58-303 - Corporate Governance Disclosure Compliance Review [CSA Staff Notice]

Published Date: 2007-06-29
Document(s):

Concurrently Published:

Staff of the securities regulatory authorities in British Columbia, Alberta, Saskatchewan, Manitoba, Ontario, Québec and New Brunswick (the participating jurisdictions) conducted a review of compliance with the requirements of National Instrument 58-101 Disclosure of Corporate Governance Practices (the Instrument). The Instrument came into force on June 30, 2005 in conjunction with National Policy 58-201 Corporate Governance Guidelines (the Policy).

The Instrument
The Instrument applies to all reporting issuers with limited exceptions. Part 2 of the Instrument requires a reporting issuer to disclose its corporate governance practices and file any written code it has adopted. TSX-listed issuers must comply with the disclosure requirements in Form 58-101F1 Corporate Governance Disclosure. Because smaller issuers may have less formal procedures in place to ensure effective corporate governance, the Instrument's disclosure requirements for venture issuers (as defined) are less extensive than those applicable to TSX issuers. These requirements for venture issuers are set out in Form 58-101F2 Corporate Governance Disclosure (Venture Issuers).

The Policy
The Policy provides guidance on corporate governance practices for all reporting issuers, other than investment funds. The guidelines, which are included in Part 3 of the Policy, are not intended to be prescriptive. We provide them to assist issuers in developing their own corporate governance practices.

The Review Program
We selected a sample of 100 reporting issuers for review. Our selection criteria included the size of the issuer's market capitalization, its industry sector, and its listing status to achieve a broad cross-section of all reporting issuers. Our sample included 65 TSX issuers and 35 venture issuers. We reviewed each issuer's corporate governance disclosure to determine whether it complied with the Instrument's requirements. We also reviewed the substance of the disclosure to assess whether the quality was sufficient to provide a clear and complete account of its governance practices, while taking account of the realities faced by a diversity of issuers in a changing corporate governance landscape. In our view, disclosure that is not of sufficient quality does not meet the requirements of the Instrument.

Results
TSX Issuers

Form 58-101F1 requires a TSX issuer to disclose its governance practices. The table below sets out the average response rate for the required disclosure in each category. The response rates do not necessarily reflect the quality of the disclosure. We comment on the quality of disclosure in the discussion that follows the table.

Category

Item Number of Form  58-101F1

Response Rate

Board Independence

1

94%

Board Mandate

2

77%

Position Descriptions

3

70%

Orientation & Continuing Education

4

85%

Ethical Business Conduct

5

86%

Nomination of Directors

6

82%

Compensation

7

80%

Assessments

9

85%

To assist issuers to make disclosure that meets the requirements of the Instrument, we provide some examples of deficient disclosure in each category of disclosure required in Form 58-101F1:

  • Board Independence - Leadership for Independent Directors
    Item 1(f) requires a TSX issuer to disclose what the board does to provide leadership for its independent directors if it has neither a chair nor a lead director that is independent.
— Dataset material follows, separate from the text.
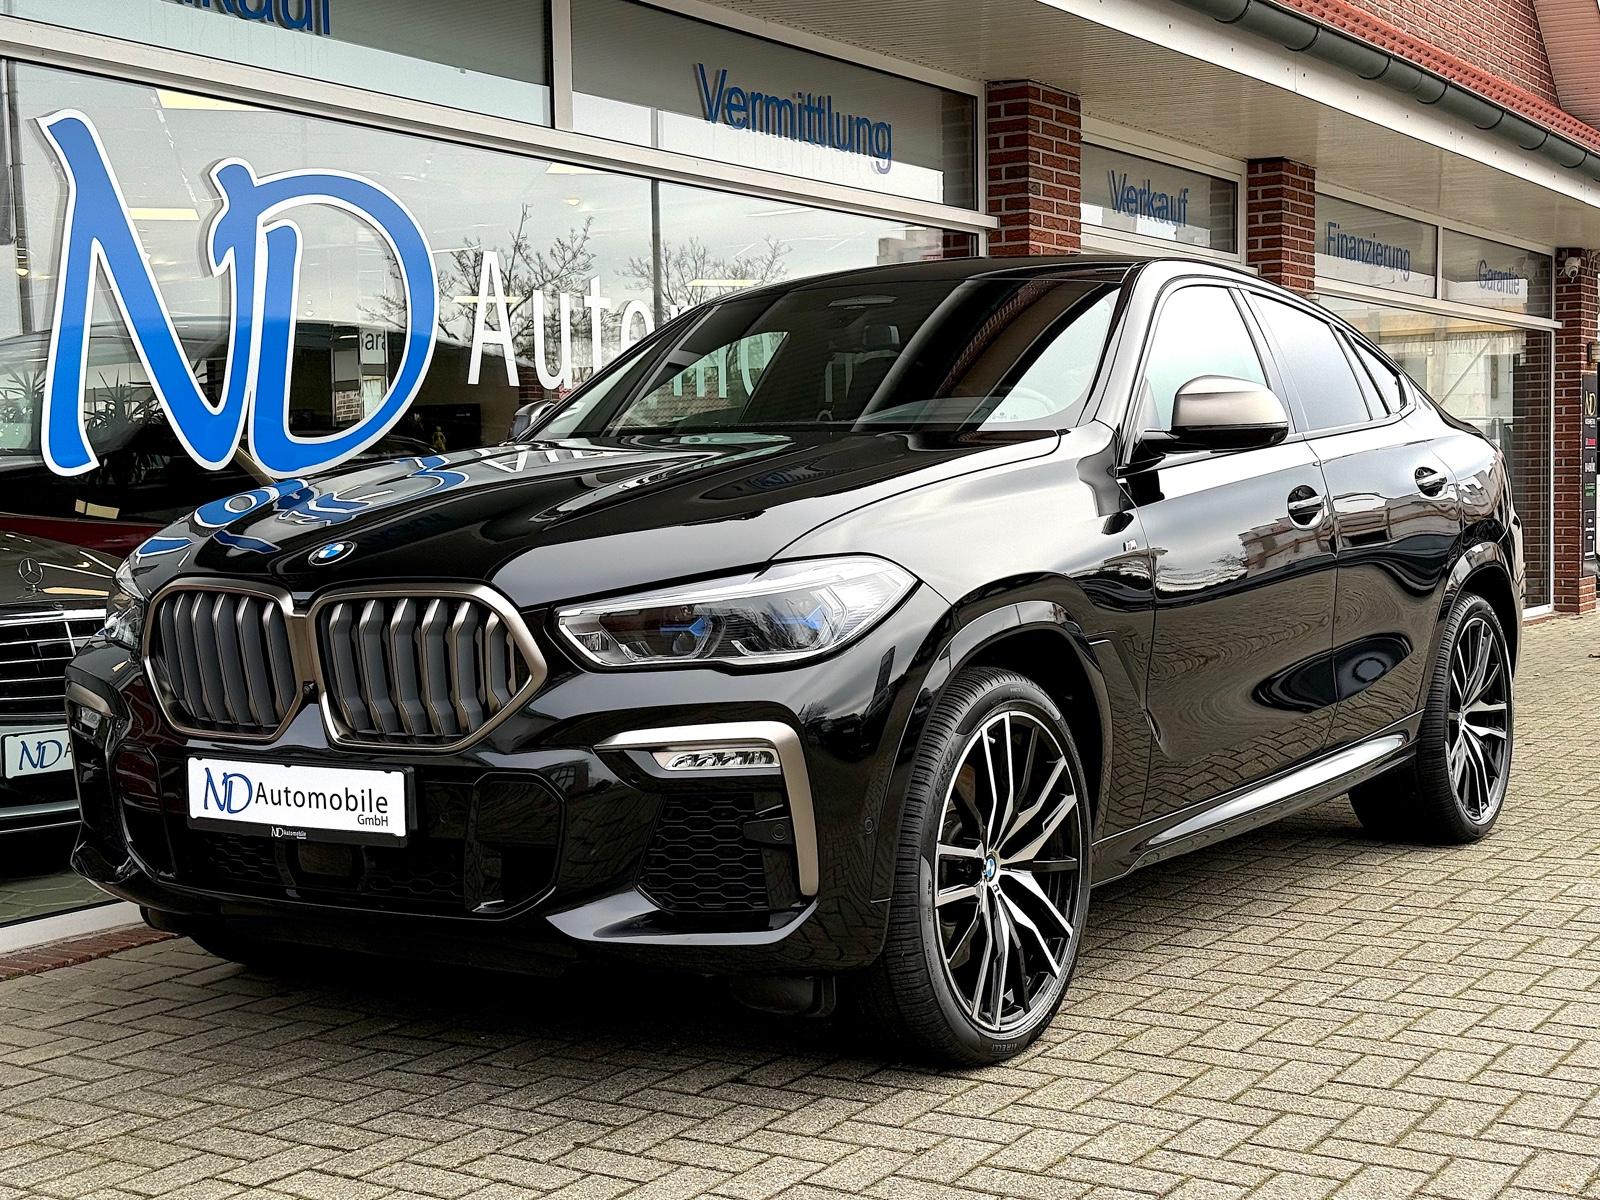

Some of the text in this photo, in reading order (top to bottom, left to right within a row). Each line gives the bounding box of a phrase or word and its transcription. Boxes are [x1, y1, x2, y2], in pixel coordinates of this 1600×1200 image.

One issuer disclosed that leadership is provided through contact with the independent directors, but failed to disclose how or when such contact is established, nor the forum for the contact. It was therefore unclear from the disclosure what the measure was or how the measure provided leadership for the independent directors.

  • Board Mandate
    Item 2 requires a TSX issuer to disclose the text of the board's written mandate or, if it does not have a written mandate, to describe how the board delineates its roles and responsibilities.

Several issuers disclosed summarized information that was insufficient for a reader to fully understand the board's responsibilities. In addition, several issuers disclosed a cross-reference to their website for the text of the mandate. Any information required to be included in a management information circular may be incorporated by reference, but the document from which it is incorporated must be filed on SEDAR. 1

  • Position Descriptions
    Item 3(a) requires a TSX issuer to disclose whether or not the board has developed written position descriptions for the chair and the chair of each board committee. Item 3(b) requires a TSX issuer to disclose whether or not the board and CEO have developed a written position description for the CEO. In both instances, a TSX issuer is required to disclose how the board delineates the role and responsibilities of the individual if a written position description has not been developed.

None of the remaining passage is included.